| Saved data entries |
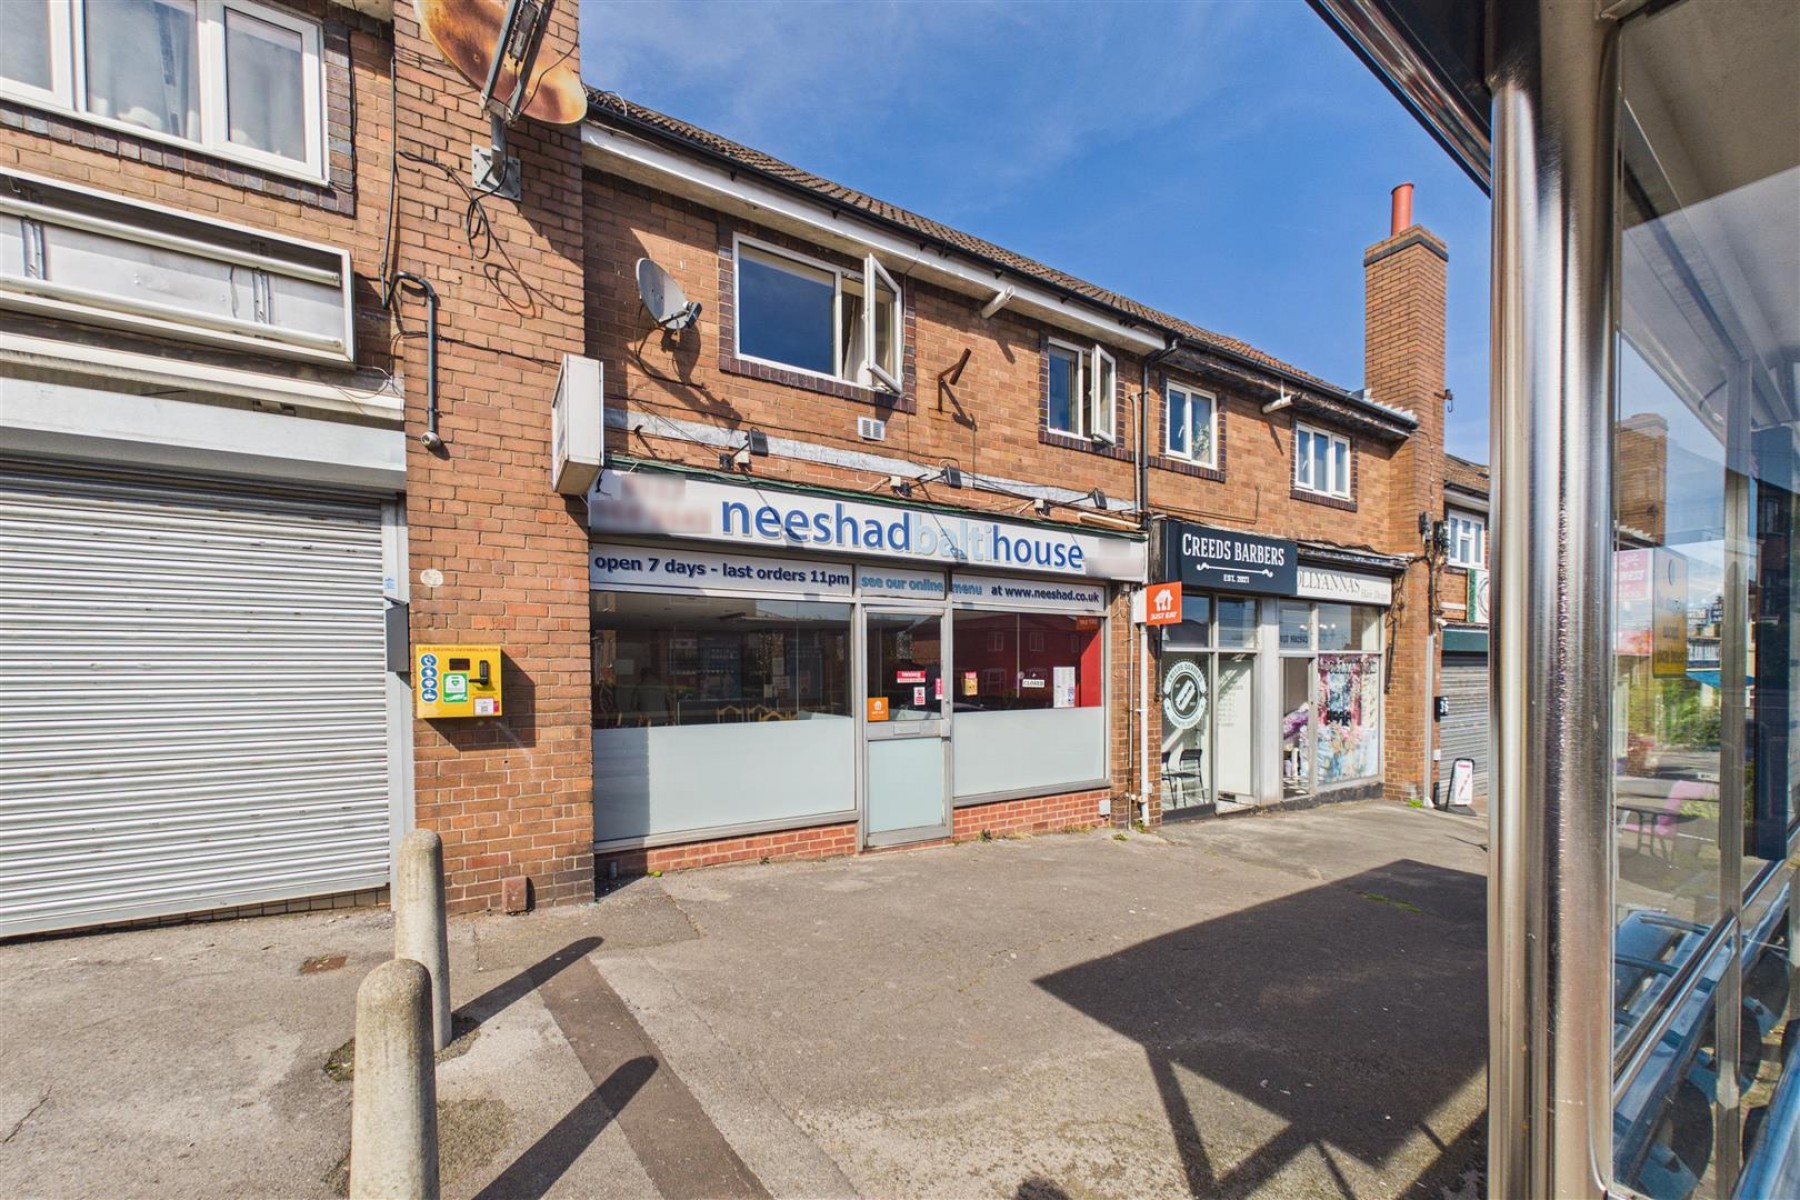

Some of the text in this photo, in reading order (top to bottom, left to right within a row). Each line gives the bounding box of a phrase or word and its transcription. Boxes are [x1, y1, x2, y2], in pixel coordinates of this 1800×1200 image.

[1182, 533, 1285, 566] CREEDS BARBERS
[594, 556, 643, 573] open
[648, 557, 660, 572] 7
[664, 559, 707, 578] days
[723, 563, 753, 579] last
[757, 567, 806, 582] orders
[810, 570, 850, 586] 11pm
[861, 576, 1100, 603] see our online menu at www.neeshad.co.uk
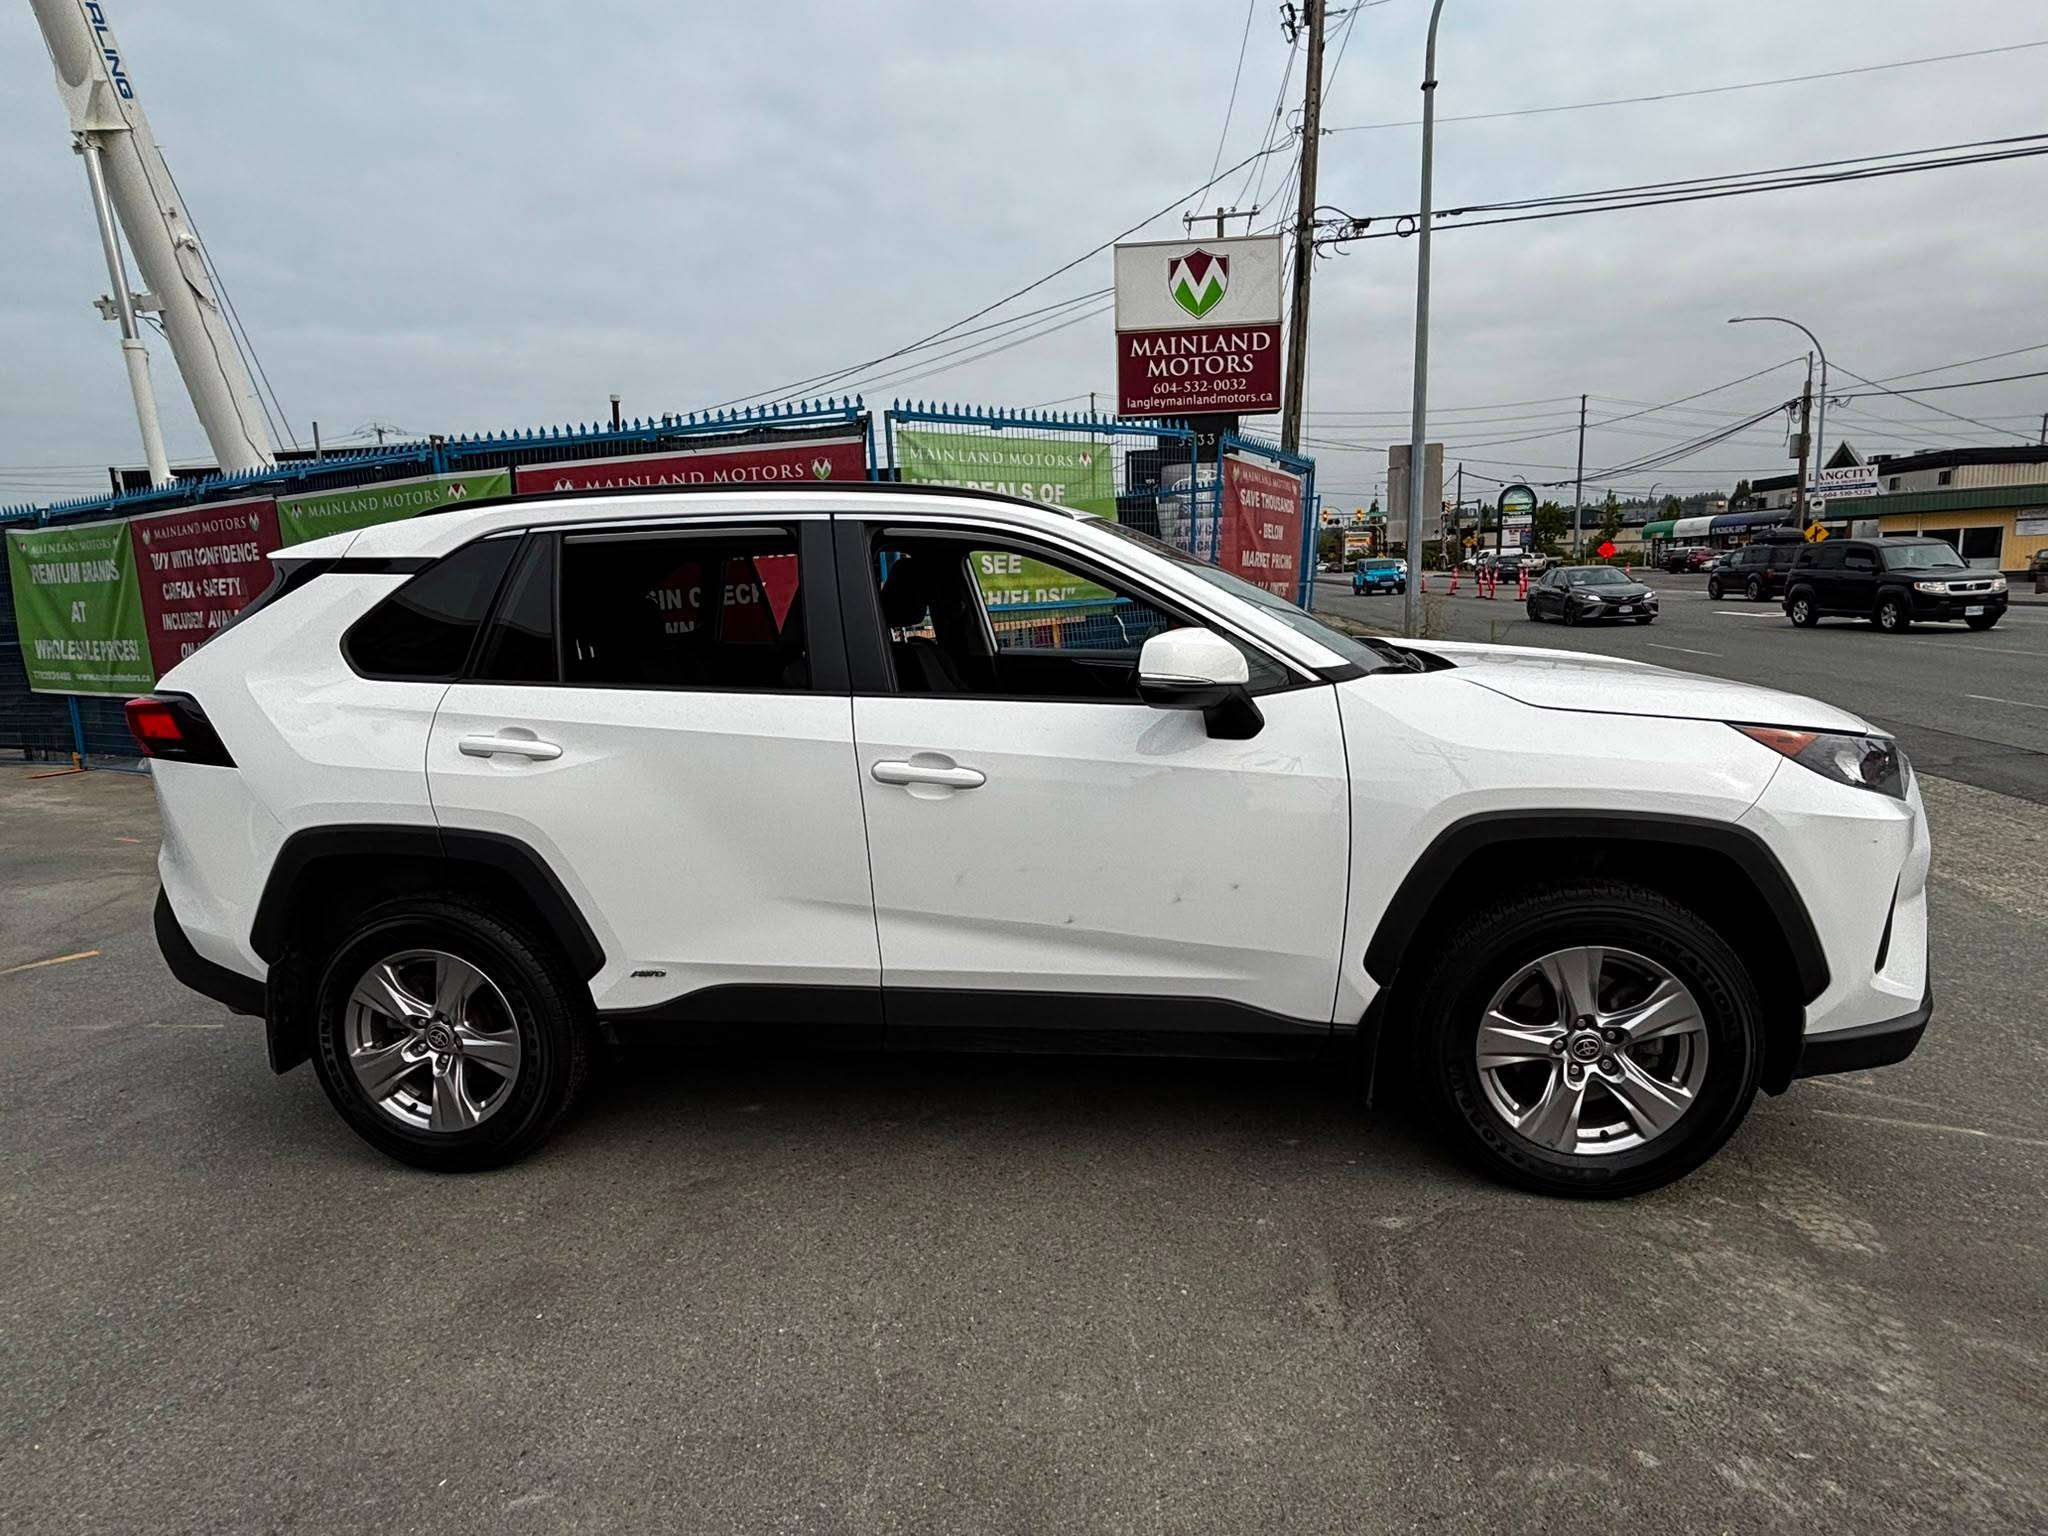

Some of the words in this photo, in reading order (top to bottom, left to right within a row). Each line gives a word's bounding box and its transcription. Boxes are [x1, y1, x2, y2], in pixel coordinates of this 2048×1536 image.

[85, 0, 133, 99] RLING
[1130, 332, 1270, 357] MAINLAND
[1147, 354, 1253, 377] MOTORS
[1153, 378, 1247, 394] 604-532-0032
[1127, 393, 1272, 410] langleymainlandmotors.ca
[910, 446, 1004, 465] MAINLAND
[1009, 454, 1073, 468] MOTORS
[713, 463, 804, 483] MOTORS
[307, 497, 378, 518] MAINLAND
[382, 488, 440, 508] MOTORS
[1040, 483, 1066, 504] OF
[1240, 488, 1260, 508] SAVE
[1261, 491, 1294, 514] THOUSANDS
[153, 523, 200, 540] MAINLAND
[201, 516, 247, 533] MOTORS
[170, 549, 194, 569] WITH
[194, 542, 260, 566] CONFIDENCE
[981, 554, 1022, 575] SEE
[71, 601, 87, 623] AT

| TASK STATEMENT |
Your task is to reproduce every record exactly while omitting the pictures.

| SOLUTION TO THIS PROBLEM |
Some of the text in this photo, in reading order (top to bottom, left to right within a row). Each line gives the bounding box of a phrase or word and its transcription. Boxes are [x1, y1, x2, y2], in pixel coordinates of this 1800×1200 image.

[1182, 533, 1285, 566] CREEDS BARBERS
[594, 556, 643, 573] open
[648, 557, 660, 572] 7
[664, 559, 707, 578] days
[723, 563, 753, 579] last
[757, 567, 806, 582] orders
[810, 570, 850, 586] 11pm
[861, 576, 1100, 603] see our online menu at www.neeshad.co.uk

Some of the words in this photo, in reading order (top to bottom, left to right within a row). Each line gives a word's bounding box and its transcription. Boxes are [x1, y1, x2, y2], in pixel coordinates of this 2048×1536 image.

[85, 0, 133, 99] RLING
[1130, 332, 1270, 357] MAINLAND
[1147, 354, 1253, 377] MOTORS
[1153, 378, 1247, 394] 604-532-0032
[1127, 393, 1272, 410] langleymainlandmotors.ca
[910, 446, 1004, 465] MAINLAND
[1009, 454, 1073, 468] MOTORS
[713, 463, 804, 483] MOTORS
[307, 497, 378, 518] MAINLAND
[382, 488, 440, 508] MOTORS
[1040, 483, 1066, 504] OF
[1240, 488, 1260, 508] SAVE
[1261, 491, 1294, 514] THOUSANDS
[153, 523, 200, 540] MAINLAND
[201, 516, 247, 533] MOTORS
[170, 549, 194, 569] WITH
[194, 542, 260, 566] CONFIDENCE
[981, 554, 1022, 575] SEE
[71, 601, 87, 623] AT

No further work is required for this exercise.